> [SOURCE MATERIAL]:
--- START ---

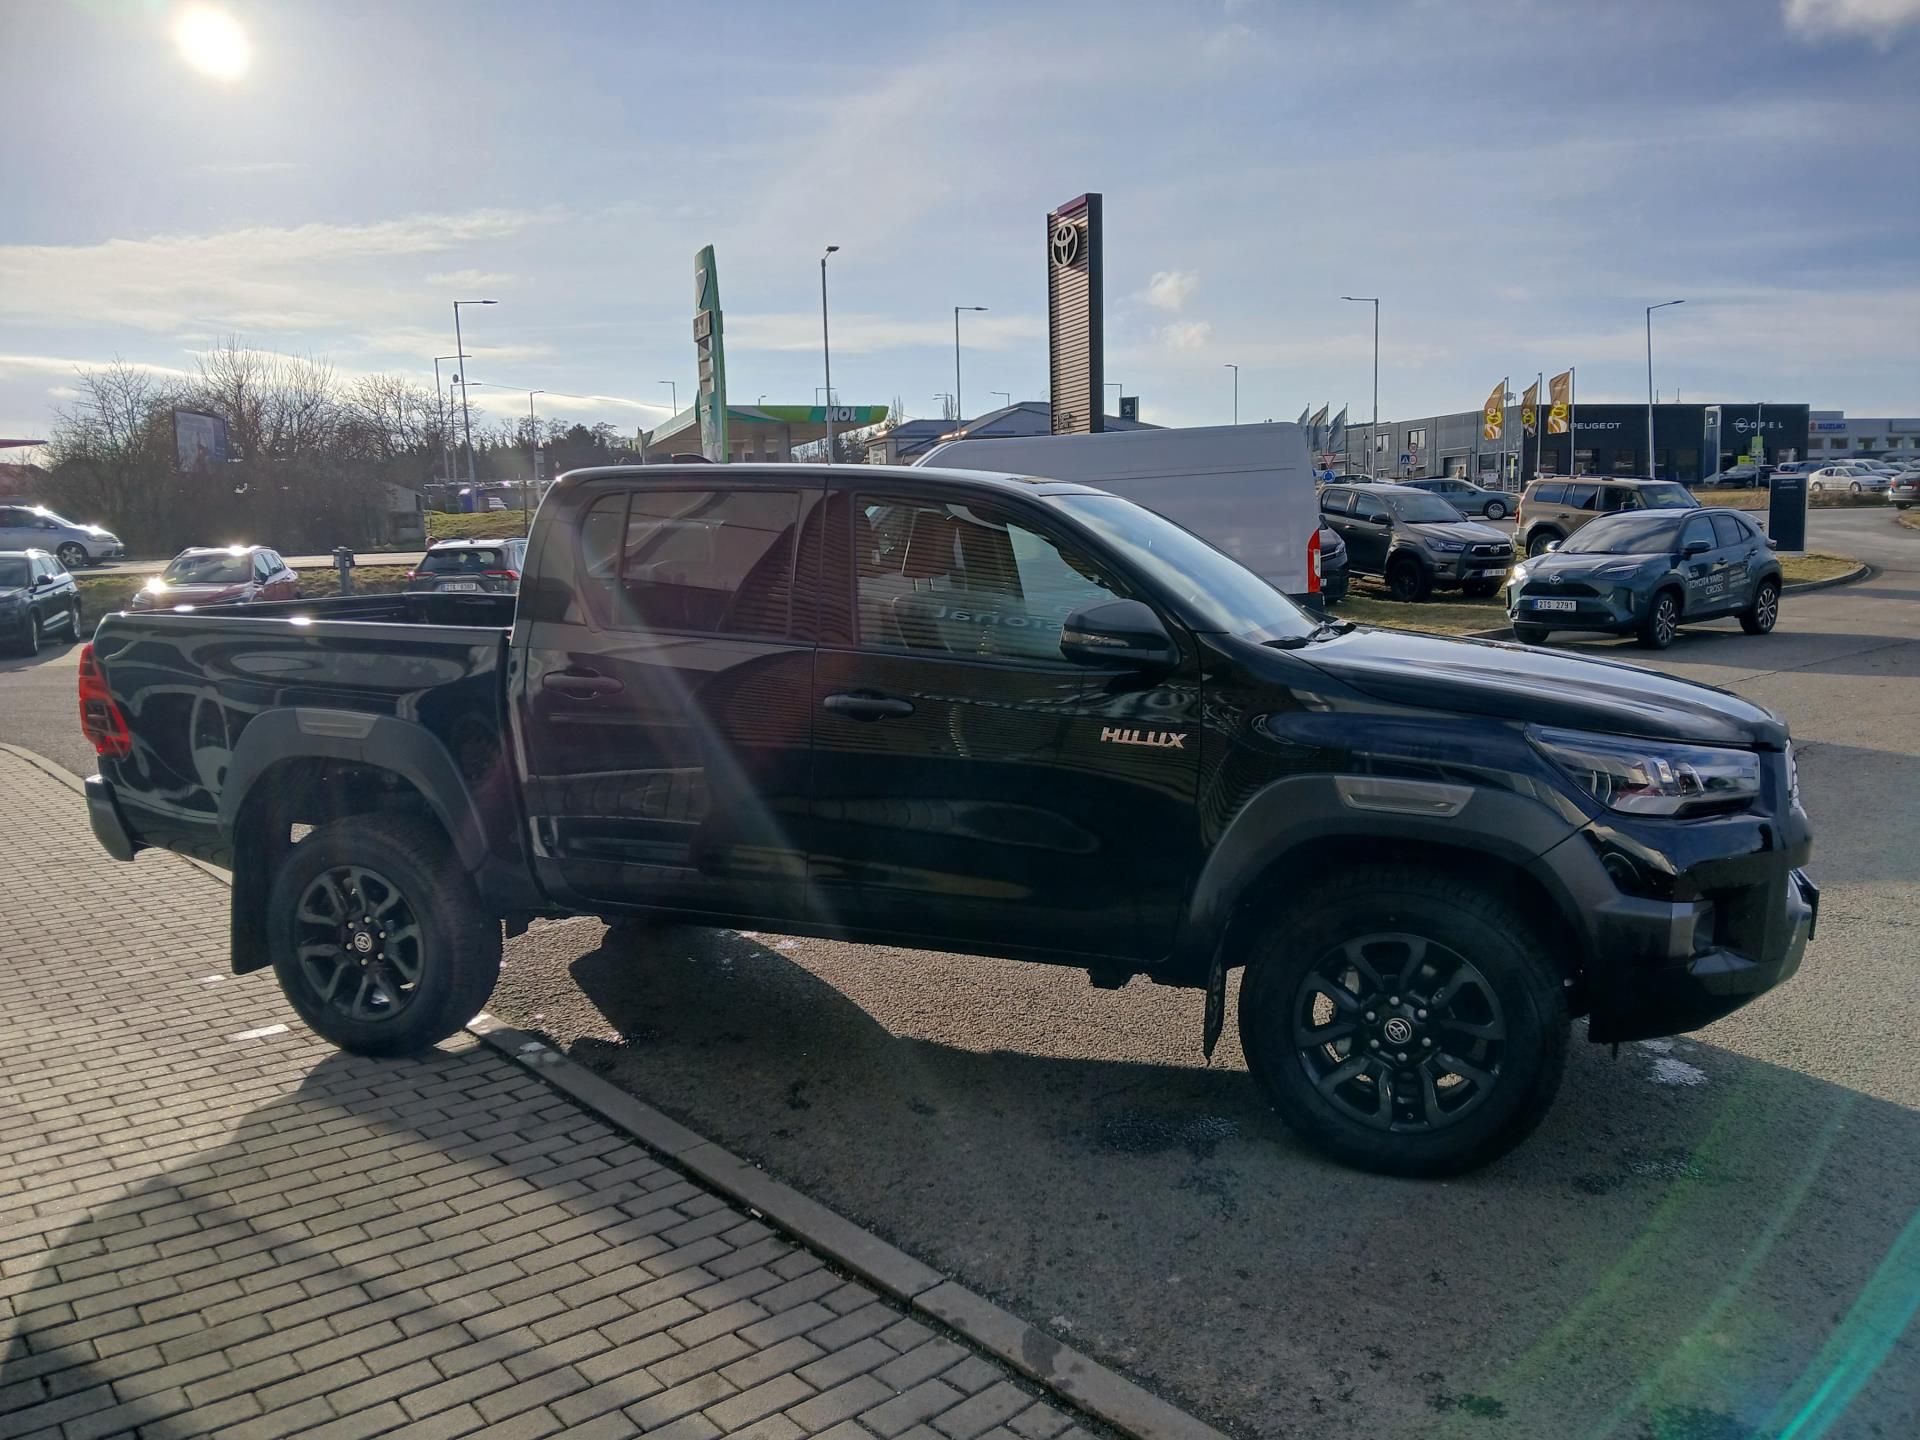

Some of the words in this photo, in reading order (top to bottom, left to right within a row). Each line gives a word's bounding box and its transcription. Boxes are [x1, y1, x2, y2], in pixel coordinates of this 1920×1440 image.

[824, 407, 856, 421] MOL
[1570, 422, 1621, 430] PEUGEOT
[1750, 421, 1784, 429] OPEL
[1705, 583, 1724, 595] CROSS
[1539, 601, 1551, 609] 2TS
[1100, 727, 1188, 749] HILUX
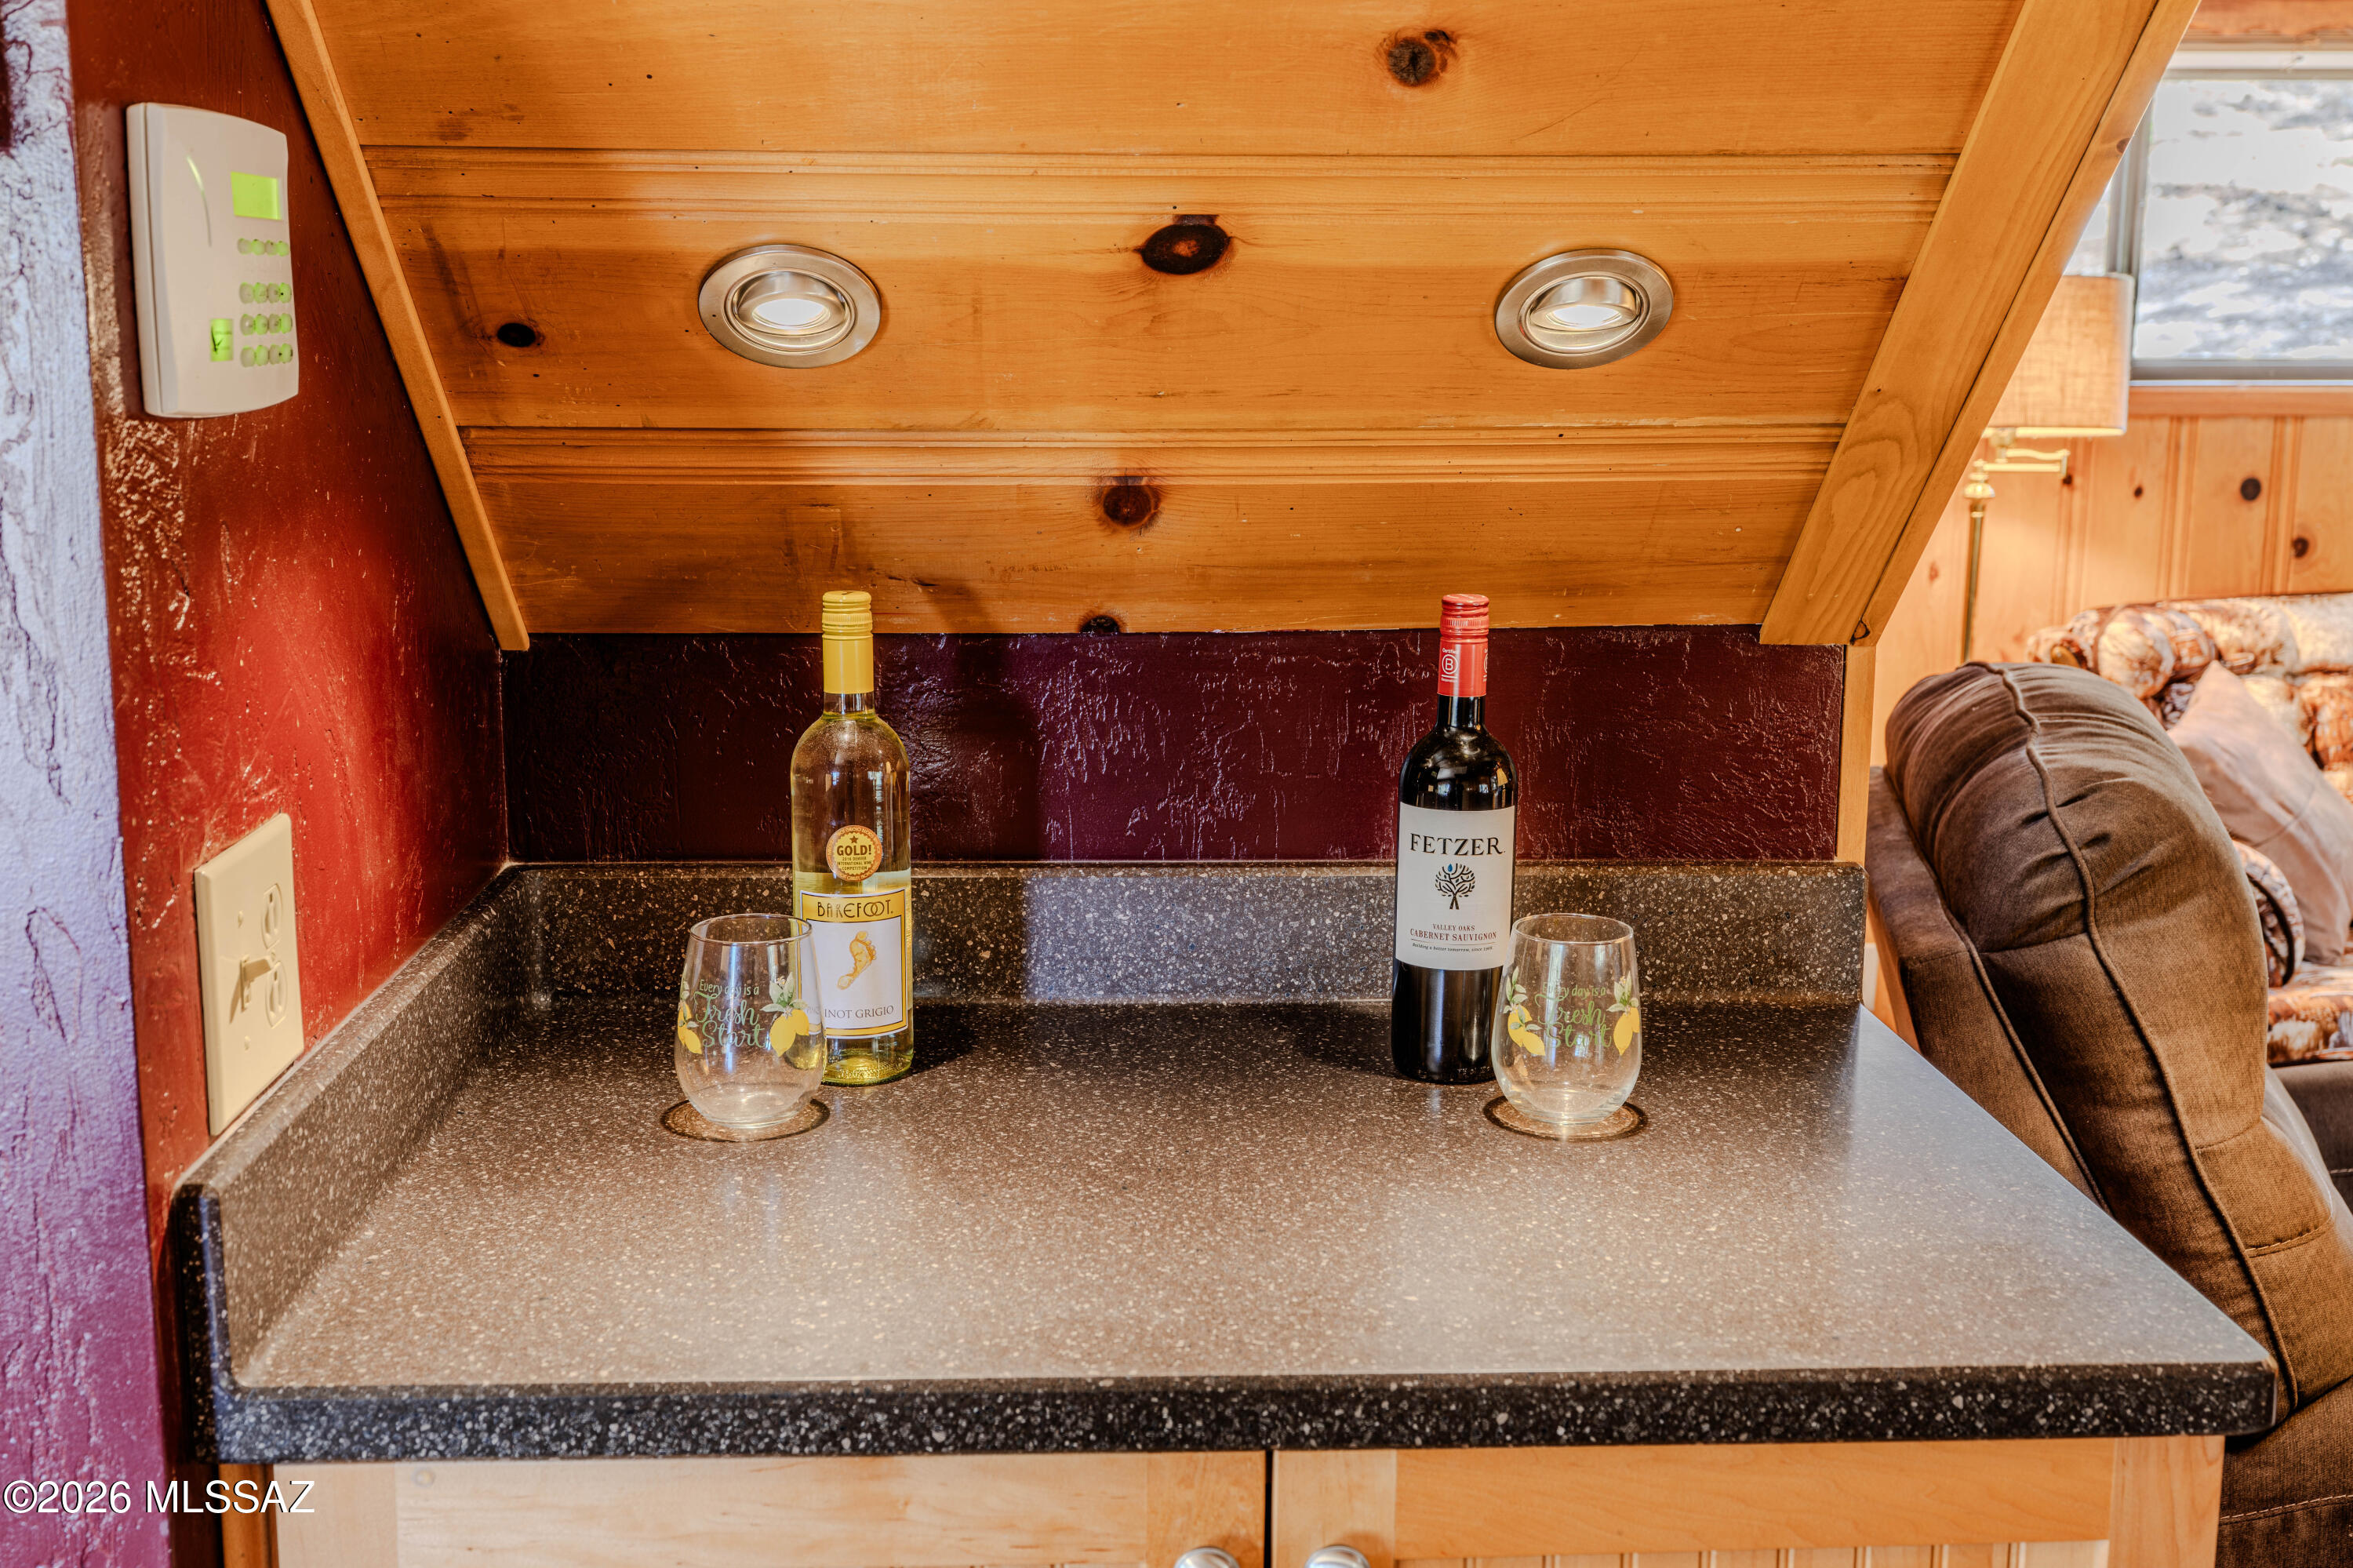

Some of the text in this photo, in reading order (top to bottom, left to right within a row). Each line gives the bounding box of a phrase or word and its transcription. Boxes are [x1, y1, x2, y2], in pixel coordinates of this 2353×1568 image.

--- END ---

> [PROBLEM REQUIREMENTS]:
Please give the records above again exactly as they stand, with no pictures.

> [WRITTEN RESPONSE]:
Some of the words in this photo, in reading order (top to bottom, left to right within a row). Each line gives a word's bounding box and its transcription. Boxes are [x1, y1, x2, y2], in pixel coordinates of this 1920×1440 image.

[824, 407, 856, 421] MOL
[1570, 422, 1621, 430] PEUGEOT
[1750, 421, 1784, 429] OPEL
[1705, 583, 1724, 595] CROSS
[1539, 601, 1551, 609] 2TS
[1100, 727, 1188, 749] HILUX

Some of the text in this photo, in reading order (top to bottom, left to right within a row). Each line gives the bounding box of a phrase or word and its transcription. Boxes are [x1, y1, x2, y2], in pixel coordinates of this 2353×1568 image.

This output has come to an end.